I don’t actually think this is complicated and reading a comment is not the same thing as scraping the internet and you obviously know that.
A few factors that come to mind would be:
- scale
- informed consent which there was none in this case
- how you are going to use that data. For example using everybody others work so the worlds richest company can make more money from it while giving back nothing in return is a bullshit move.
I think it's even simpler than that: incentives. The entire premise of copyright law (and all IP law) is to protect the incentive to create new stuff, which is often a very risky and highly time or capital intensive endeavor.
So here's the question:
Does a person reading a comment destroy the incentive for the author to post it? No. In fact, it is the only thing that produces the incentive for someone to post. People post here when they want that thing to be read by someone else.

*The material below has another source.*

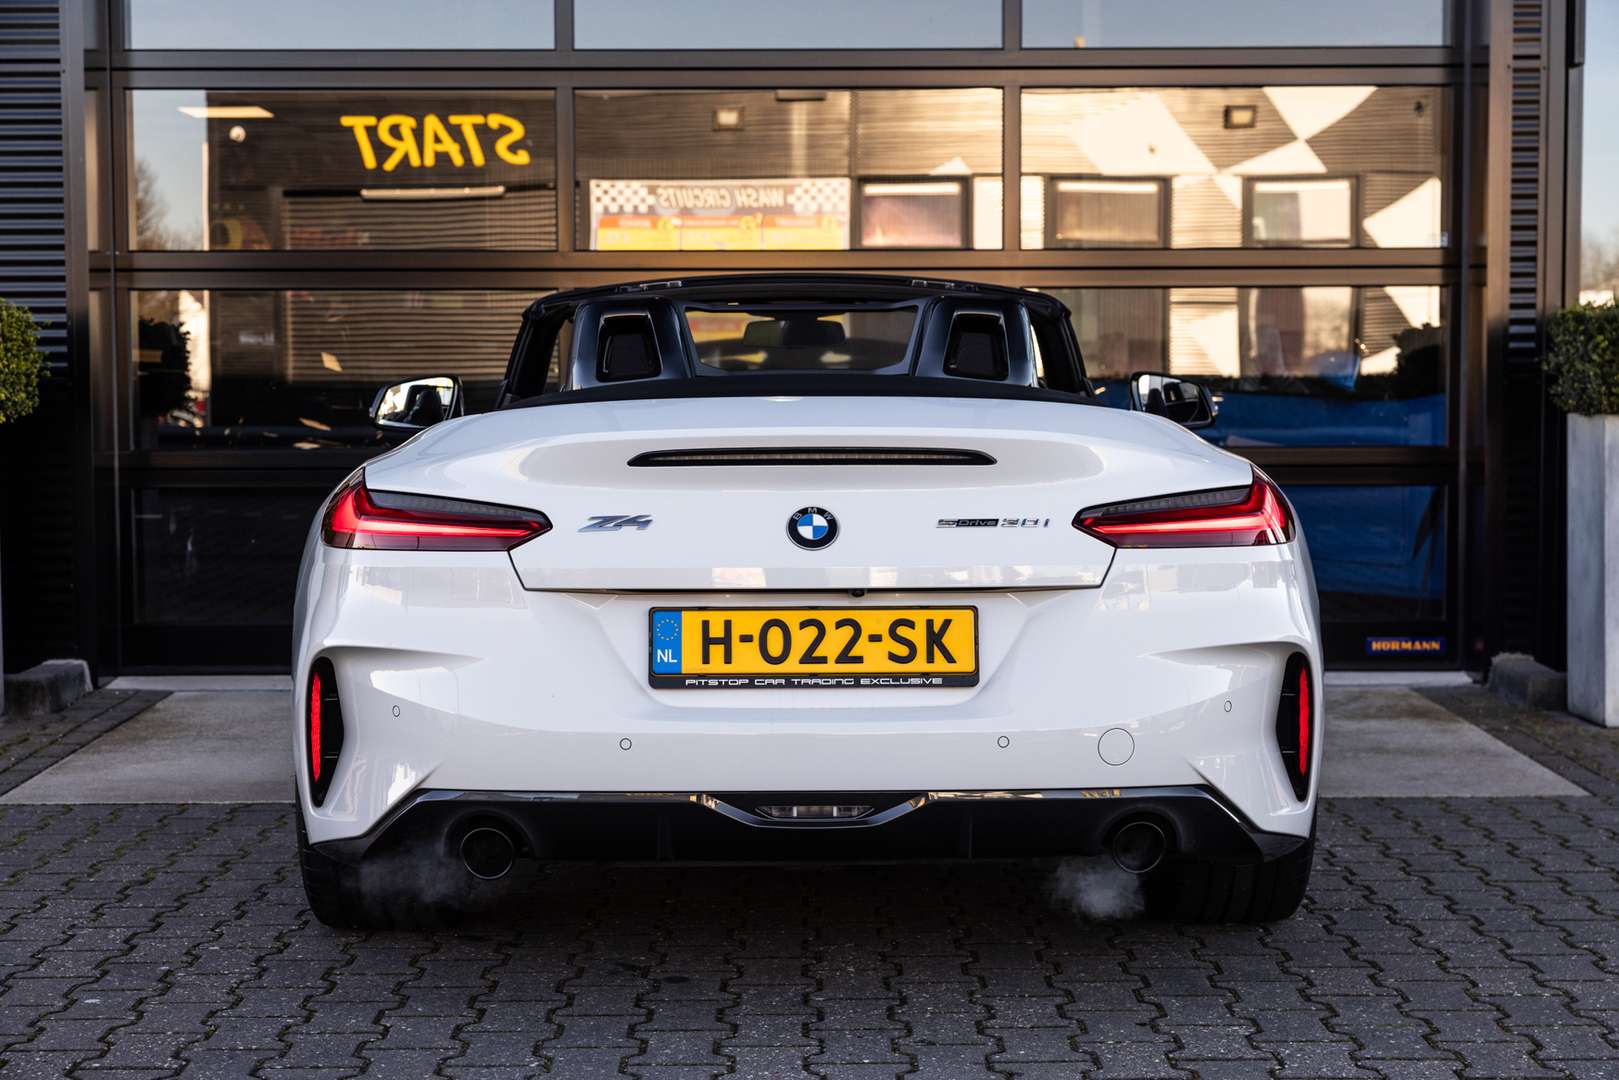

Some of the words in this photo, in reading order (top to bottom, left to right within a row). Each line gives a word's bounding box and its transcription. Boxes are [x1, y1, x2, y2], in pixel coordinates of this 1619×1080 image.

Does a model sucking up all the artistic output of the last 400 years and using that to produce an image generator model destroy the incentive of producing and sharing said artistic output? Yes. At least, that is the goal of such a model -- to become so good it is competitive with human artists.
Of course you have plenty of people positioned benefit from this incentive-destruction claiming it does no such thing. I personally tend to put more credence in the words of people who have historically actually been incentivized by said incentives (i.e. artists) who generally seem to perceive this as destructive to their desire to create and share their work.
> Does a model sucking up all the artistic output of the last 400 years and using that to produce an image generator model destroy the incentive of producing and sharing said artistic output?
Copyright, at least in the US, cares about the effect of the use on the market for that specific work. It's individual ownership, not collective. And while model regurgitation happens, it's less common than you think.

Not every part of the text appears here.